Para W., 33 anos, um dos cinco
irmãos do jovem linchado, saber que Marcelo foi agredido até a morte é algo
muito duro. "Embora as pessoas que fizeram isso com ele não soubessem dos
probleminhas que ele tinha, não é mole saber como ele foi morto. Dá uma ira na
gente. Se não nos apegarmos com Deus, a gente comete uma loucura." O casal
de idosos que foi vítima de Marcelo foi procurado pela Tribuna, mas não foi
localizado no endereço apontado na ocorrência policial na tarde de ontem.

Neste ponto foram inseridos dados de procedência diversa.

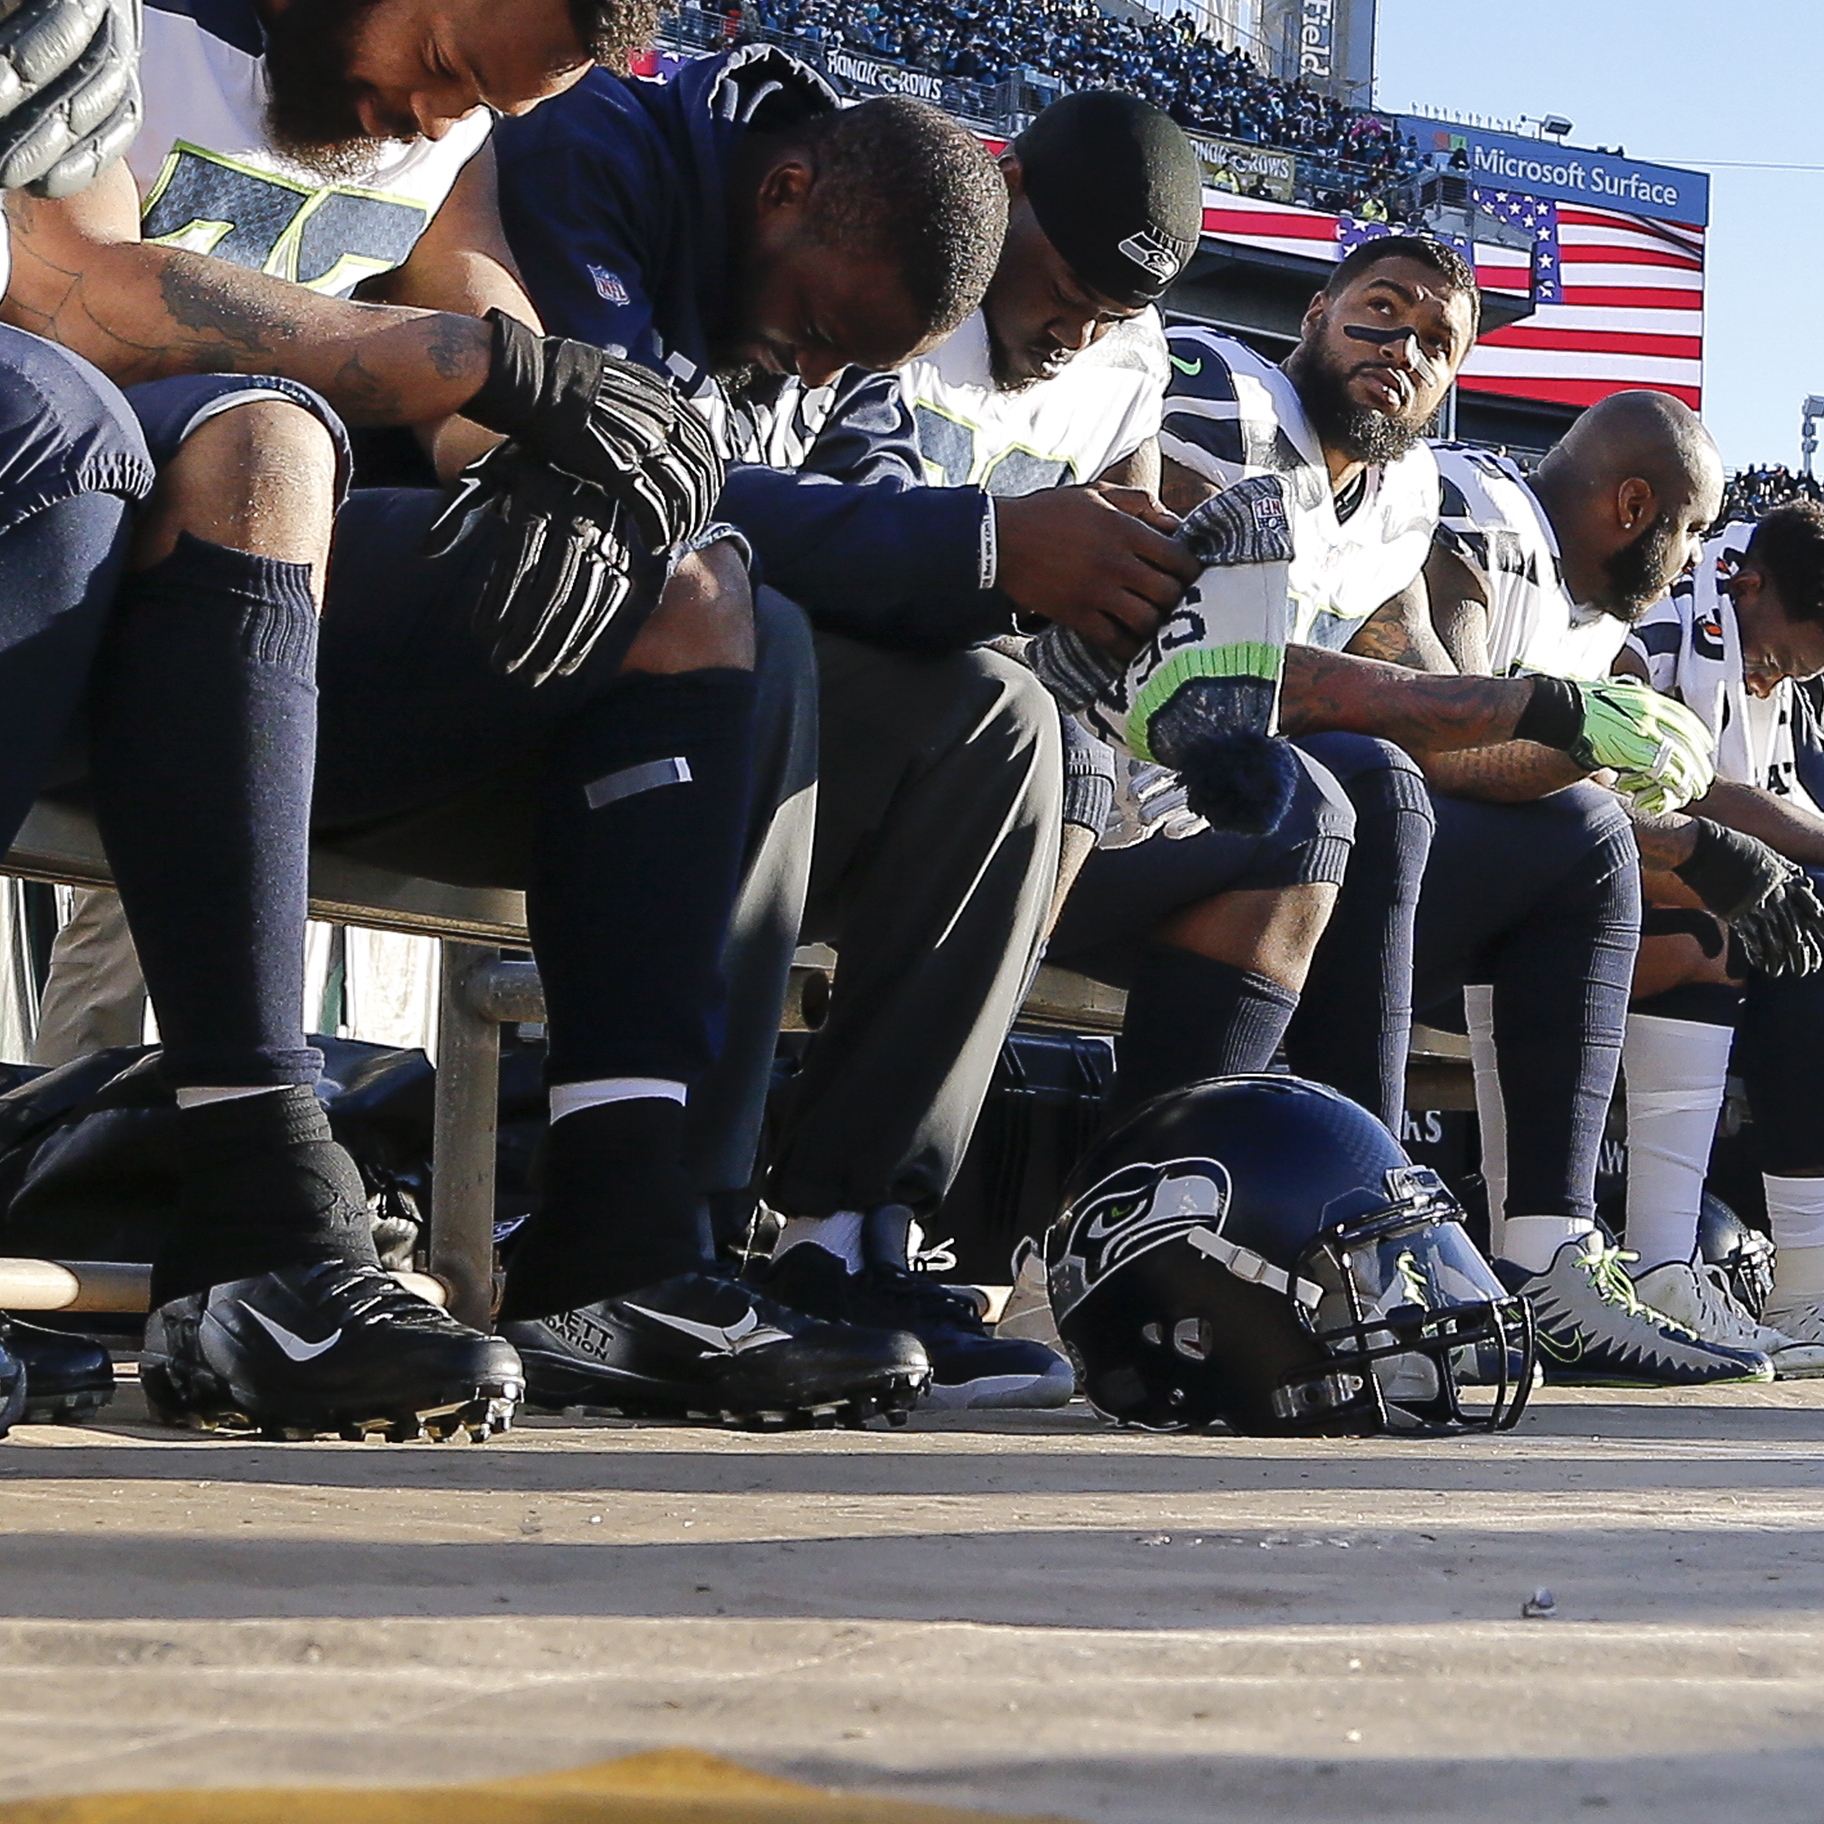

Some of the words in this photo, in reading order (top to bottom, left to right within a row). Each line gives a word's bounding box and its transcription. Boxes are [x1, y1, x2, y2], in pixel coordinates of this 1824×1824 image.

População insegura cobra policiamento
O caso do jovem Marcelo Rodrigues se
soma a outros que, recentemente, têm levado medo a moradores e comerciantes do
Cascatinha. Muitos deles, em entrevista à Tribuna, na tarde de ontem,
consideraram que a morte do rapaz foi um ato extremo que tem ligação direta com
a atuação policial, que, segundo eles, não estaria sendo satisfatória. "Há
muitos assaltos no bairro. Há 15 dias, uma lotérica sofreu uma tentativa de
roubo, e foram os próprios moradores que conseguiram deter o ladrão até a
chegada da polícia. Se o policiamento estivesse nas ruas, quando precisamos,
essa tragédia não teria acontecido", disse a proprietária de um
restaurante de 49 anos. Uma comerciante, 51, afirmou que: "Falta
policiamento, falta respeito às pessoas e, principalmente, aos idosos. Hoje a
juventude tem vários direitos, mas se esquecem dos deveres. Neste caso, o rapaz
passou de autor à vítima." Um auxiliar administrativo, 45, morador do
bairro, enfatizou: "O policiamento é falho, e o bandido aproveita a hora
que é boa para ele. Desta vez, infelizmente, se deu mal. O aumento dos casos de
violência é perceptível desde o fim do ano passado, e isso é preocupante",
destacou o trabalhador, lembrando que o posto da PM no bairro não tem
funcionamento permanente. "A polícia só atua na principal via. As outras
ficam desprovidas de policiamento, o que acaba ocasionando atos de
violência", frisou uma empresária, 31.
No último dia 20, um jovem teve seu
carro roubado ao ser vítima de um sequestro-relâmpago, quando chegava em casa.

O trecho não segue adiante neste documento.